* What the task asks *
While you copy the lines below, skip the pictures and keep the rest exact.

[Records from a data collection]
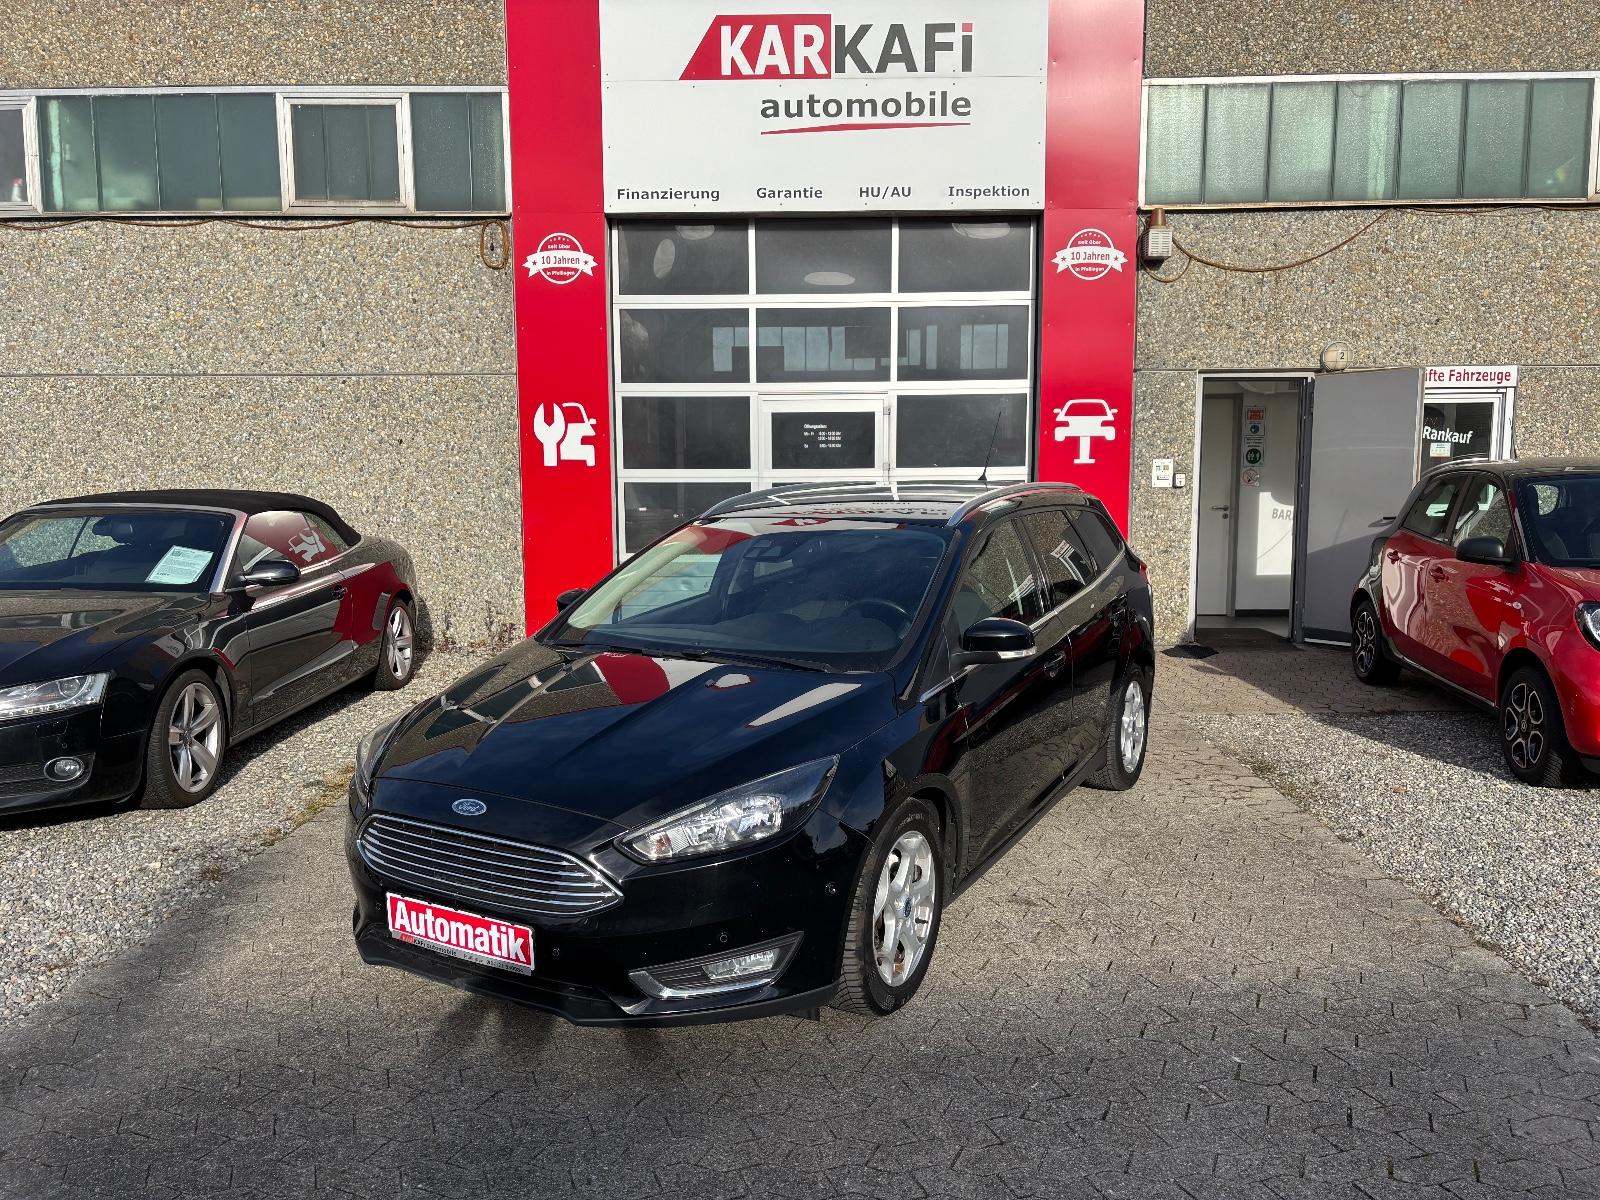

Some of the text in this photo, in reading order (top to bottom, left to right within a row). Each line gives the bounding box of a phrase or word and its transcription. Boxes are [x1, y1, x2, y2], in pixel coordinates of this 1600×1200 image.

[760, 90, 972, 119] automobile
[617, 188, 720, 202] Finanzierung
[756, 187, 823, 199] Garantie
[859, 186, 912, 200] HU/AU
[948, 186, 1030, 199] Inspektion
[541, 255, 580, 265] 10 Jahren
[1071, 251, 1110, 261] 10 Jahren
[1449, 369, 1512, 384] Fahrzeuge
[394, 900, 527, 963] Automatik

* Answer for this exercise *
Some of the text in this photo, in reading order (top to bottom, left to right within a row). Each line gives the bounding box of a phrase or word and its transcription. Boxes are [x1, y1, x2, y2], in pixel coordinates of this 1600×1200 image.

[760, 90, 972, 119] automobile
[617, 188, 720, 202] Finanzierung
[756, 187, 823, 199] Garantie
[859, 186, 912, 200] HU/AU
[948, 186, 1030, 199] Inspektion
[541, 255, 580, 265] 10 Jahren
[1071, 251, 1110, 261] 10 Jahren
[1449, 369, 1512, 384] Fahrzeuge
[394, 900, 527, 963] Automatik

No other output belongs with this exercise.